*** INPUT RECORDS ***

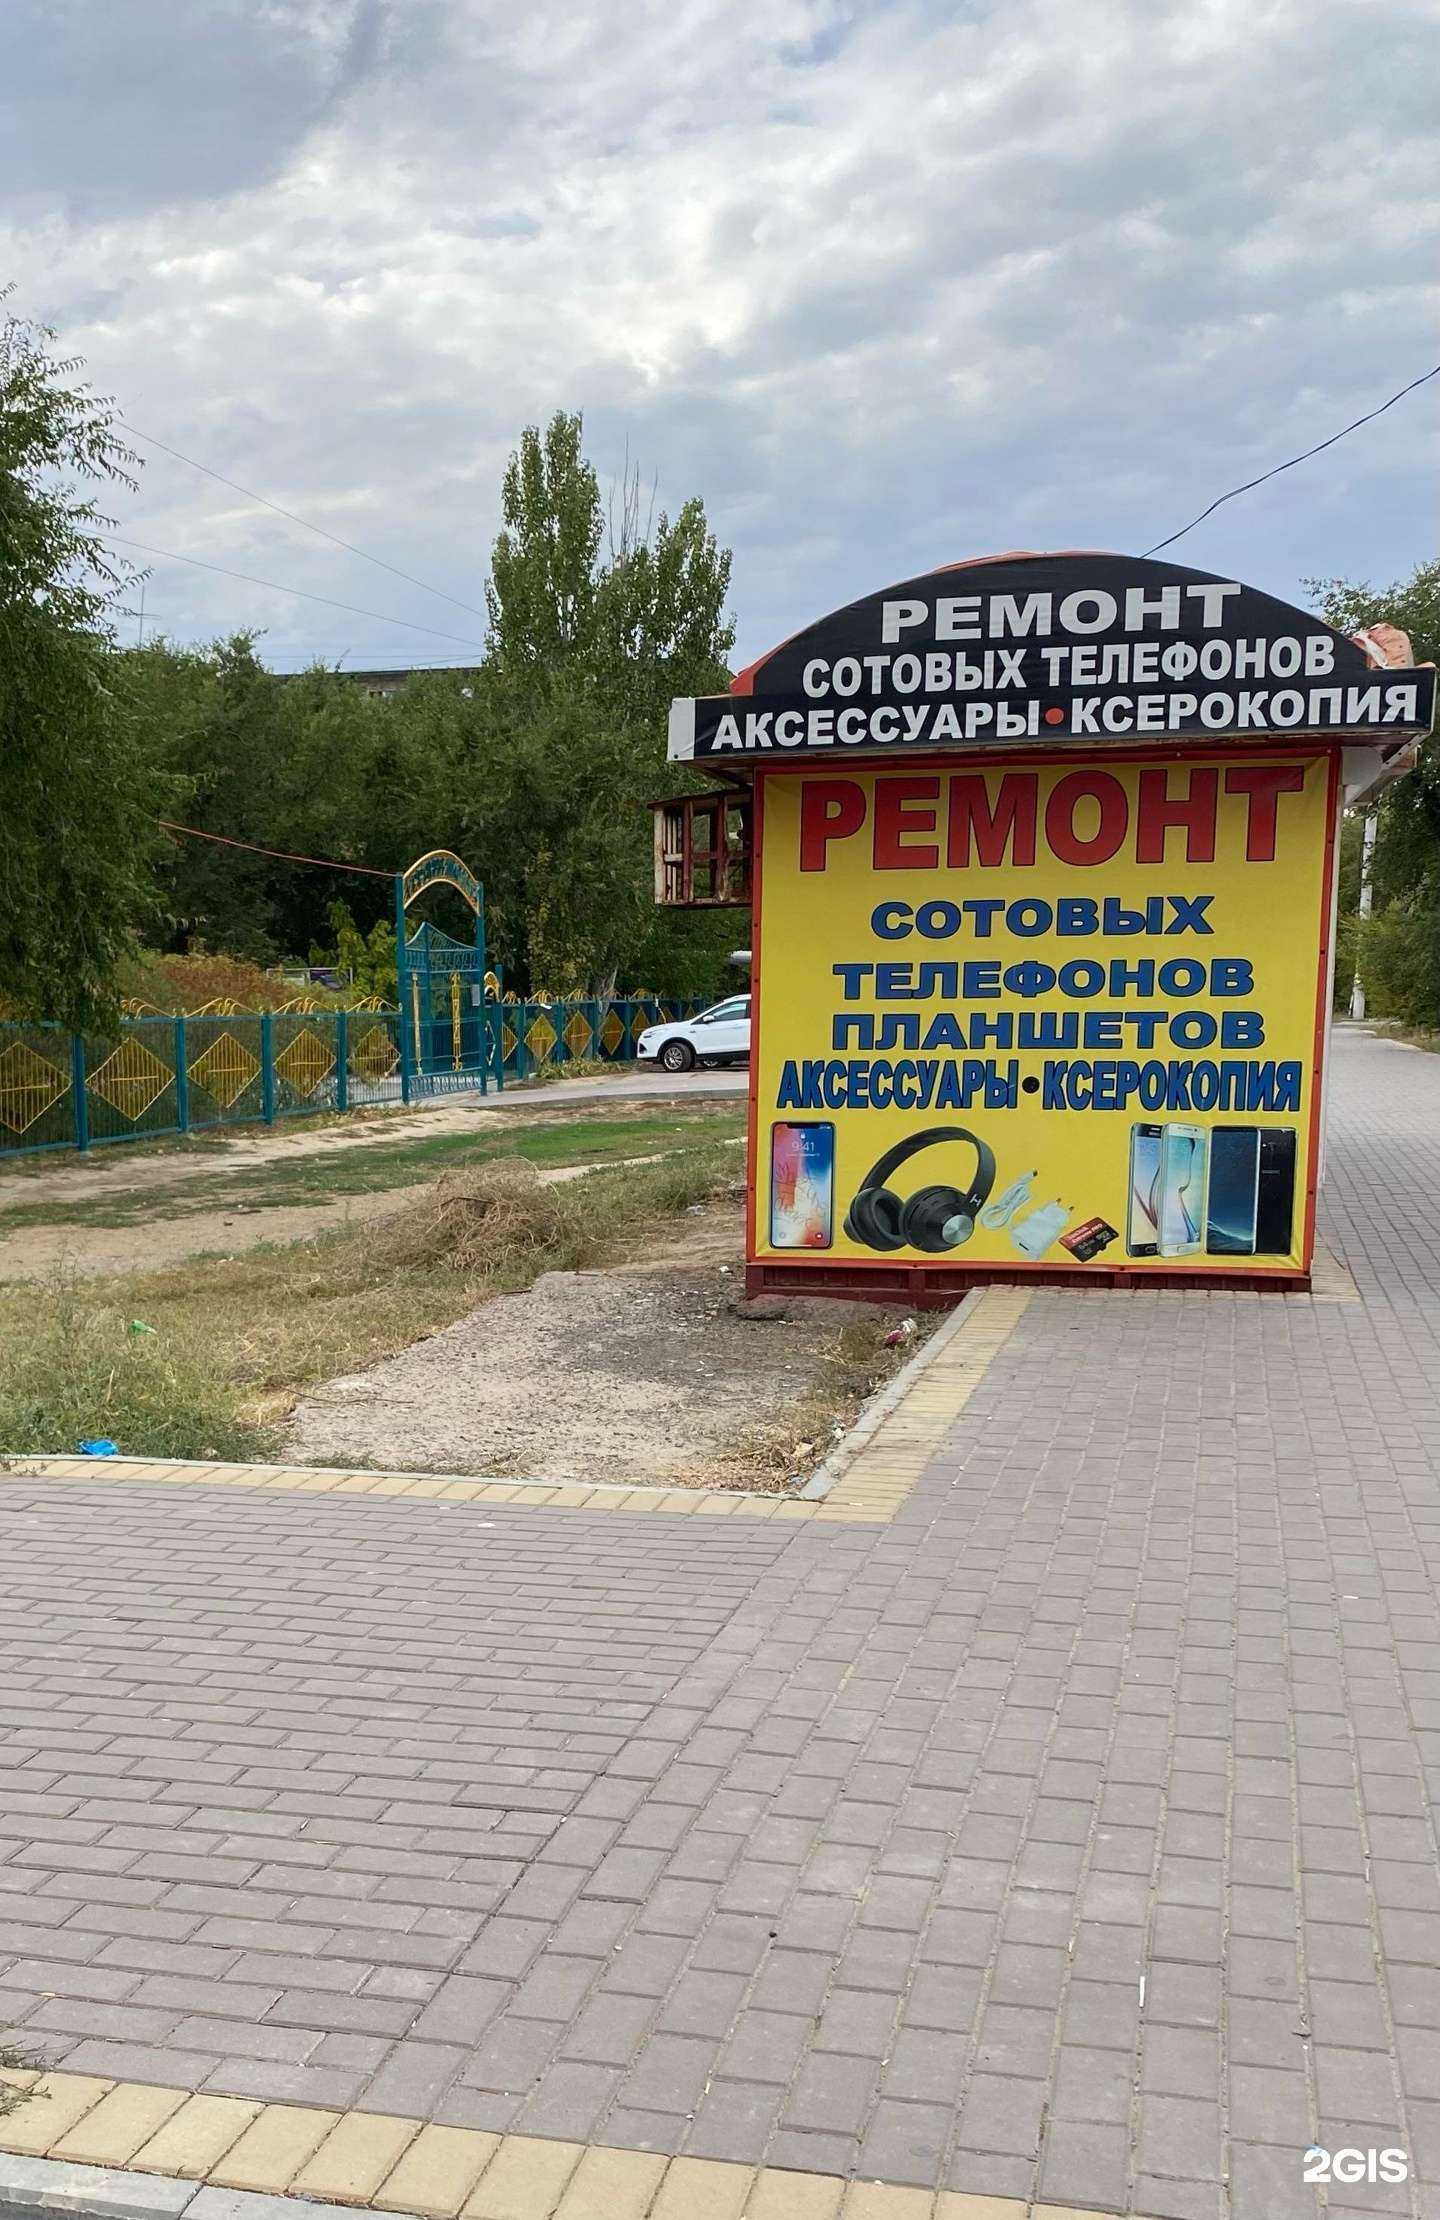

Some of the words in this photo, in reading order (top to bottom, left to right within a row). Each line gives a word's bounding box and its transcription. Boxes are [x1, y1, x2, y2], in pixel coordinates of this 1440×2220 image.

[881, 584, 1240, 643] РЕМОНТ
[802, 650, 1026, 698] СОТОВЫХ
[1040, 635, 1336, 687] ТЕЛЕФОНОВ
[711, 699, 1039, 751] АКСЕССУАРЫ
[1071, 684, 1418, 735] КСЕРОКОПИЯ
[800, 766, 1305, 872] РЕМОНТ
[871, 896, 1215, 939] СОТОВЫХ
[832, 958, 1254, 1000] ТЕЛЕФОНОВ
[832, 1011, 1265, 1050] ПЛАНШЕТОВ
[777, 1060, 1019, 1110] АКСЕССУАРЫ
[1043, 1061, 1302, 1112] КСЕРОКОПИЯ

*** End of INPUT RECORDS ***

§ TO DO
For this step, transcribe all the material above exactly and drop the images.

§ COMPLETED TASK
Some of the words in this photo, in reading order (top to bottom, left to right within a row). Each line gives a word's bounding box and its transcription. Boxes are [x1, y1, x2, y2], in pixel coordinates of this 1440×2220 image.

[881, 584, 1240, 643] РЕМОНТ
[802, 650, 1026, 698] СОТОВЫХ
[1040, 635, 1336, 687] ТЕЛЕФОНОВ
[711, 699, 1039, 751] АКСЕССУАРЫ
[1071, 684, 1418, 735] КСЕРОКОПИЯ
[800, 766, 1305, 872] РЕМОНТ
[871, 896, 1215, 939] СОТОВЫХ
[832, 958, 1254, 1000] ТЕЛЕФОНОВ
[832, 1011, 1265, 1050] ПЛАНШЕТОВ
[777, 1060, 1019, 1110] АКСЕССУАРЫ
[1043, 1061, 1302, 1112] КСЕРОКОПИЯ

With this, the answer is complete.